The organization of the roots, ganglia and peripheral distribution of the rami of the cranial nerves of larval and juvenile Senegal bichirs was examined with a wide range of techniques, including gross dissection and histological preparations. The profundal nerve of bichirs is completely separate from the trigeminal nerve and innervates the skin overlying the orbit and snout, and there is no evidence that a superficial ophthalmic ramus of the trigeminal nerve exists. Bichirs appear to retain all six pairs of lateral line nerves that characterized the earliest gnathostomes, but the sensory ganglia of the anterodorsal and otic lateral line nerves have fused, and the sensory ganglia of the anterodorsal and anteroventral lateral line nerves are partially fused, which appears to be a shared derived character of ray-finned fishes.

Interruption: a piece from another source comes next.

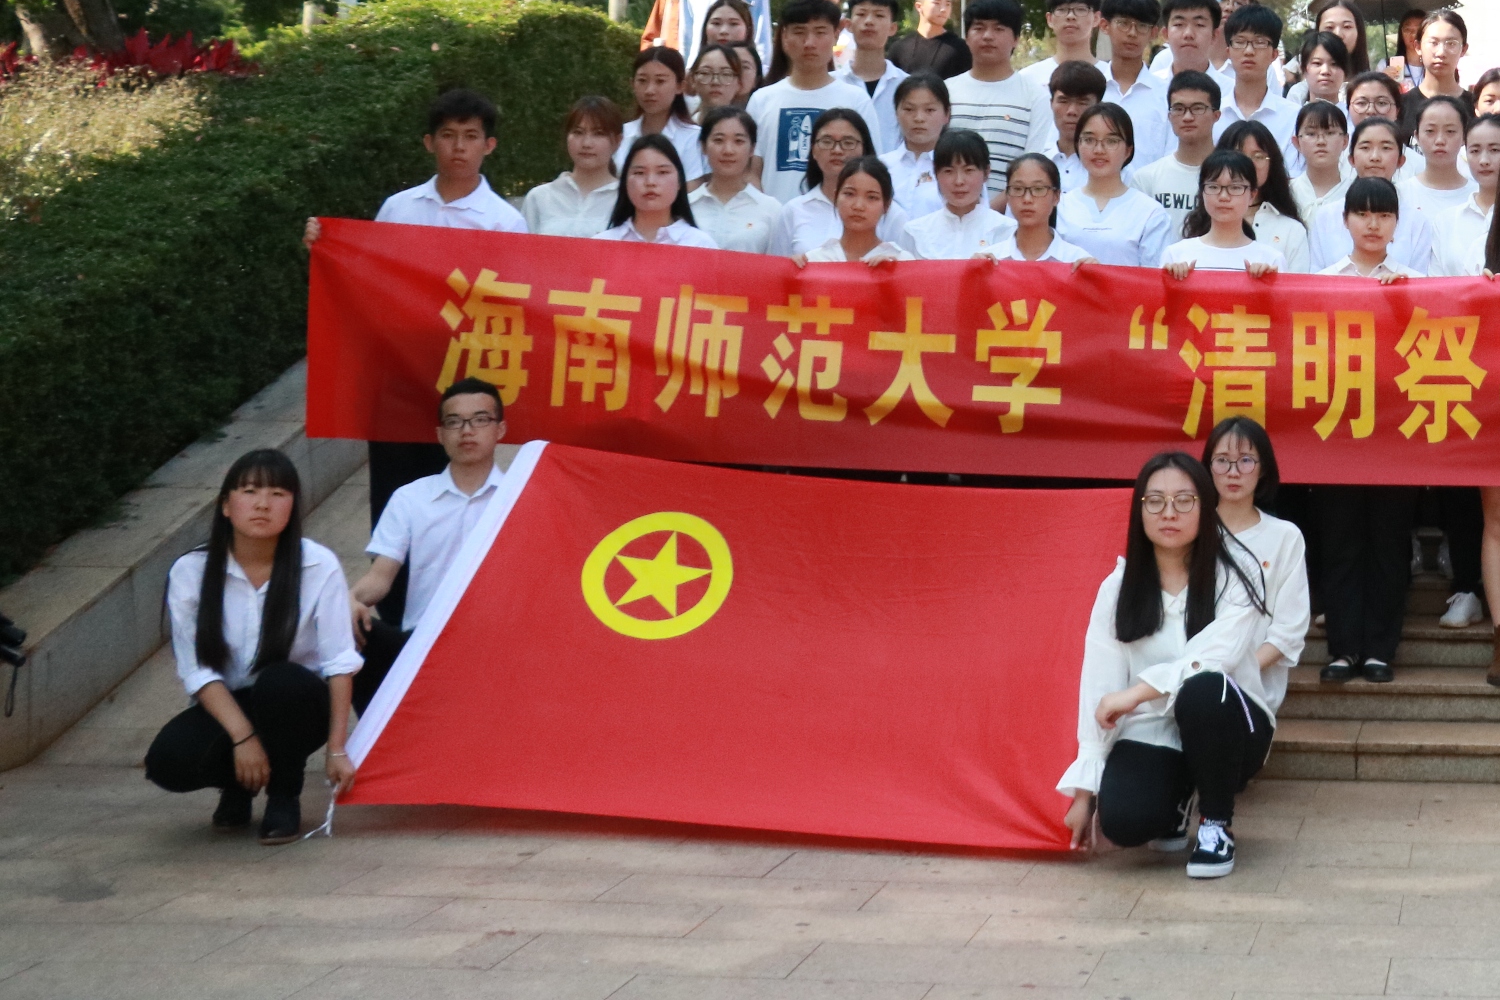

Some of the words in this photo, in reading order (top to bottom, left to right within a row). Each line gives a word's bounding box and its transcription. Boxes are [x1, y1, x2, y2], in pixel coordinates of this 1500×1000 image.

[436, 268, 1063, 434] 海南师范大学

The anteroventral lateral line nerve of bichirs retains mandibular and opercular rami, a primitive feature shared with other bony fishes, and the fibers of the opercular ramus innervate all postotic ampullary organs. Surprizingly, bichirs, unlike most nonteleost bony fishes, have lost the spiracular organ. The lateral ramus of the posterior lateral line nerve of bichirs is divided into a pars dorsalis and a pars ventralis, which appears to be a shared derived character of bony fishes. The glossopharyngeal and vagal nerves of bichirs exhibit lateral and medial sensory ganglia, and this appears to be a shared derived character of bony fishes. The posttrematic rami of the glossopharyngeal nerve and both the pre- and posttrematic rami of the vagal nerve of bichirs are divided, which appears to be a shared derived feature of bony fishes. The hypobranchial nerve of bichirs is unusual in that it is formed by only two spinal nerves, a pattern also seen in gars, but not other bony fishes, and apparently a uniquely derived character.

PMID:
8866706
[PubMed - indexed for MEDLINE]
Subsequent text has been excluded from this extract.